**TASK REQUIREMENTS**
Leaving every image behind, reproduce the records word for word.

**DATASET RECORDS**
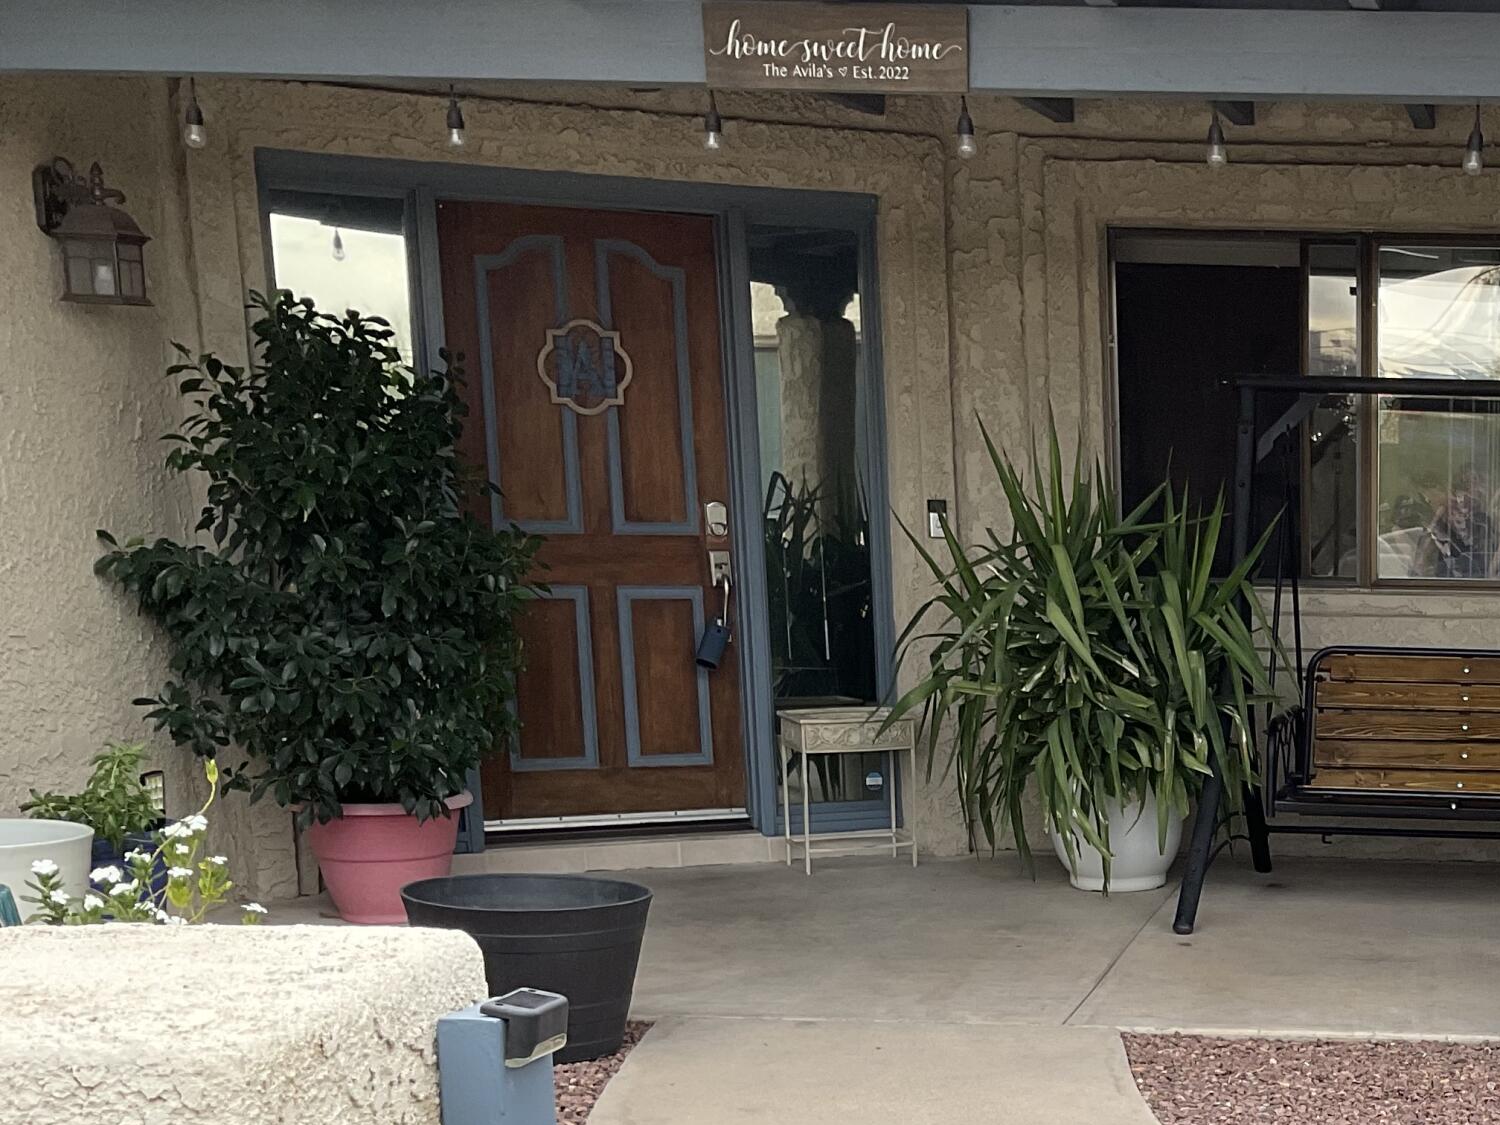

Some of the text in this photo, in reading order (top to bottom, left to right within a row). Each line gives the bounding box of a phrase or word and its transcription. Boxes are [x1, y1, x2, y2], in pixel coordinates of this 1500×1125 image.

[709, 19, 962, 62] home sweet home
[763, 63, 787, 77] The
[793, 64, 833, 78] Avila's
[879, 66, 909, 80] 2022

**SOLUTION FOR THIS TASK**
Some of the text in this photo, in reading order (top to bottom, left to right within a row). Each line gives the bounding box of a phrase or word and its transcription. Boxes are [x1, y1, x2, y2], in pixel coordinates of this 1500×1125 image.

[709, 19, 962, 62] home sweet home
[763, 63, 787, 77] The
[793, 64, 833, 78] Avila's
[879, 66, 909, 80] 2022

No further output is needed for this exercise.